Nurse staffing for inpatient settings using a stochastic modeling approach
Consistent evidence from observational studies suggests that inadequate nurse staffing in hospitals and heavy nurse workload threaten patient safety and quality of care. Every additional registered nurse per patient is associated with a risk reduction in hospital-related mortality by 9 and 16 percent in intensive-care and surgical units, respectively. There are recommended nurse- to-patient ratios for different types of inpatient settings. However, patients in a hospital unit may have different acuity levels based on the severity of care needed. This may impact the staffing needs of the unit potentially rendering a fixed nurse-to-patient ratio ineffective.
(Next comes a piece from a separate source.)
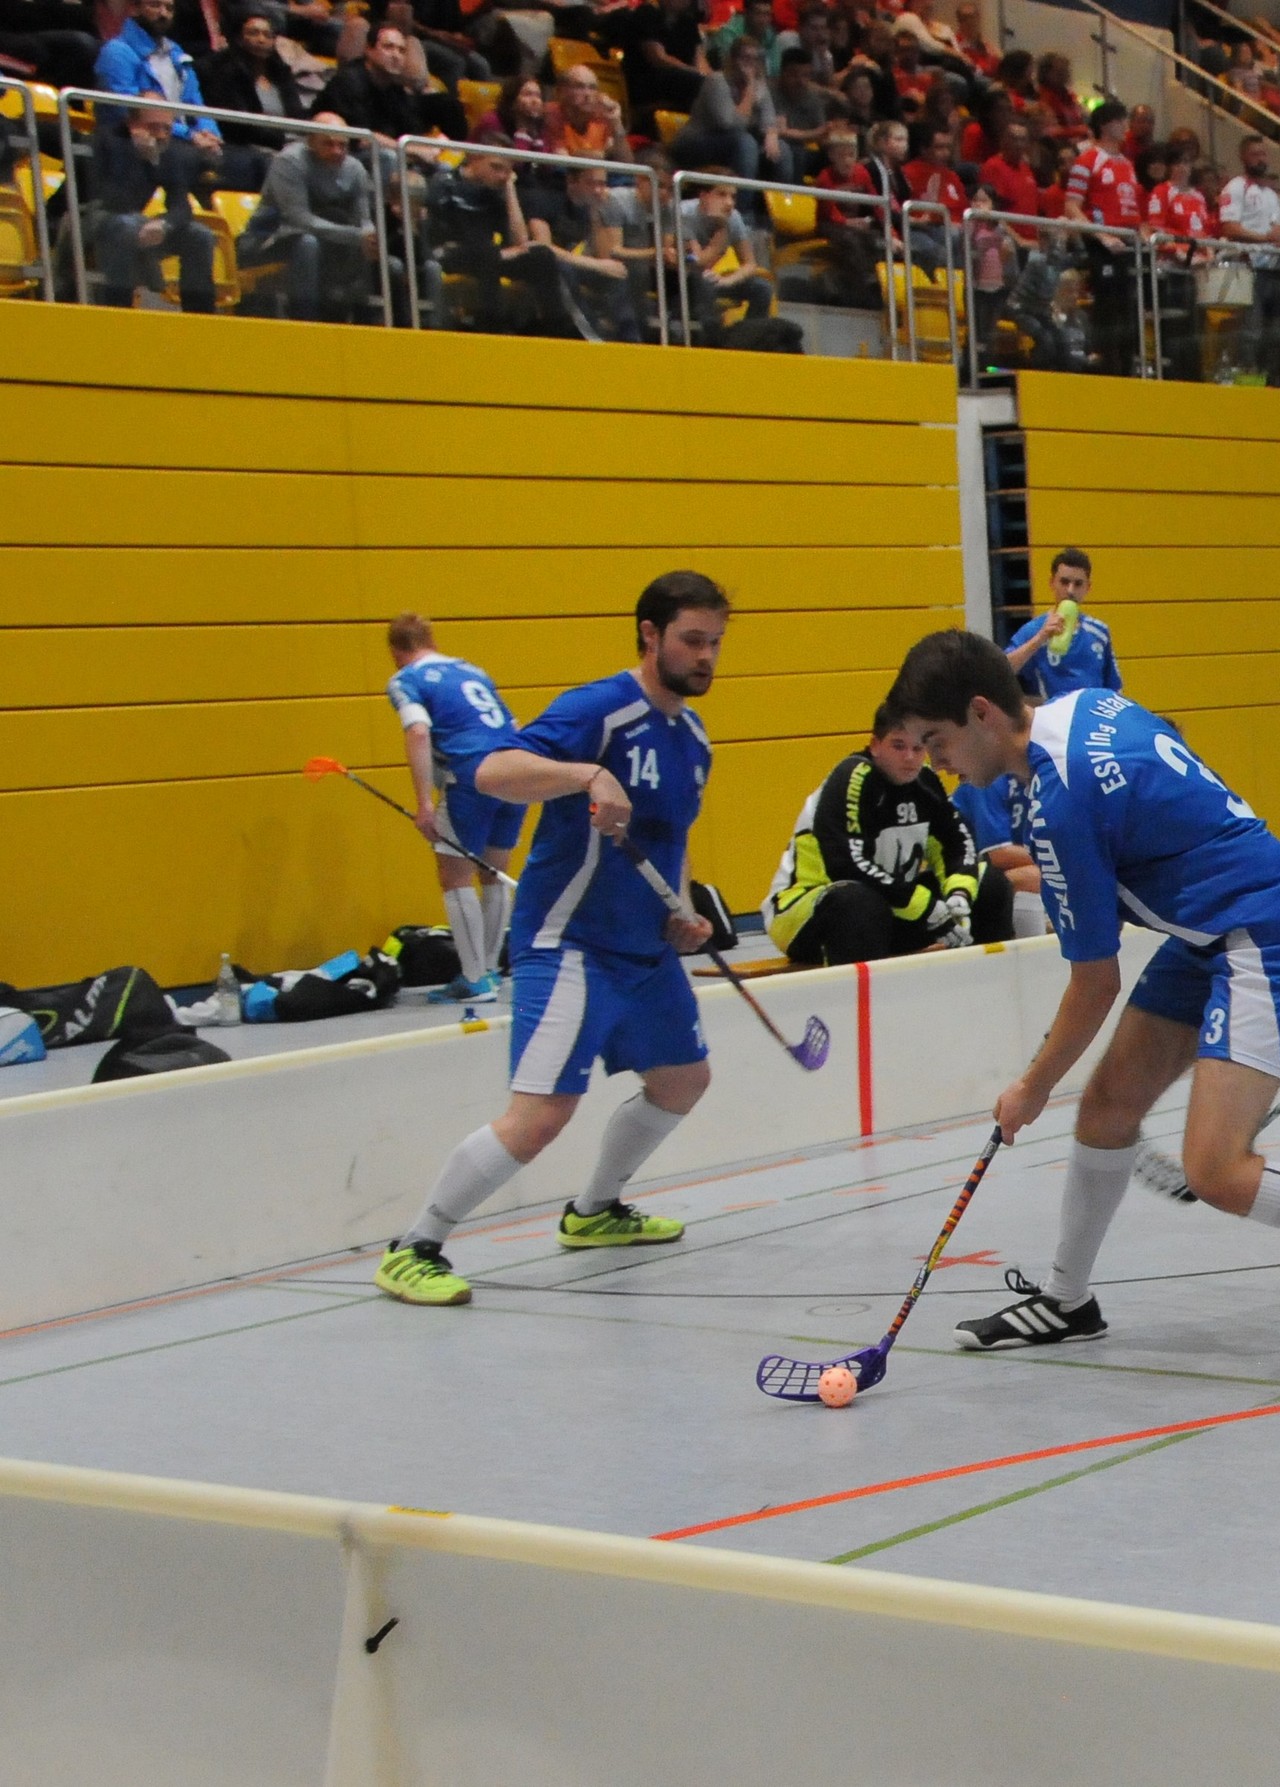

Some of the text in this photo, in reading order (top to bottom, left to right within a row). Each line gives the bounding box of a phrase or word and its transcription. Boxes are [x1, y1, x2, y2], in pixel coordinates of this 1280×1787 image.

To address this gap, this study aims at determining nurse-staffing strategies that account for the patient acuity. A stochastic model and solution approach are proposed to identify the optimal staffing level for an inpatient unit with any given patient mix. The objectives are to minimize staffing costs while ensuring timely delivery of patient care, which is measured using metrics such as the probability of excessive delays in providing care. The proposed model will capture the uncertainty associated with the volume and duration of care provided to different acuity levels. This will be achieved through the application of Queueing Theory and Discrete-event Simulation techniques.
Winning poster project completed at Wichita State University, Department of Industrial and Manufacturing Engineering. Presented at the 12th Annual Capitol Graduate Research Summit, Topeka, KS, February 12, 2015.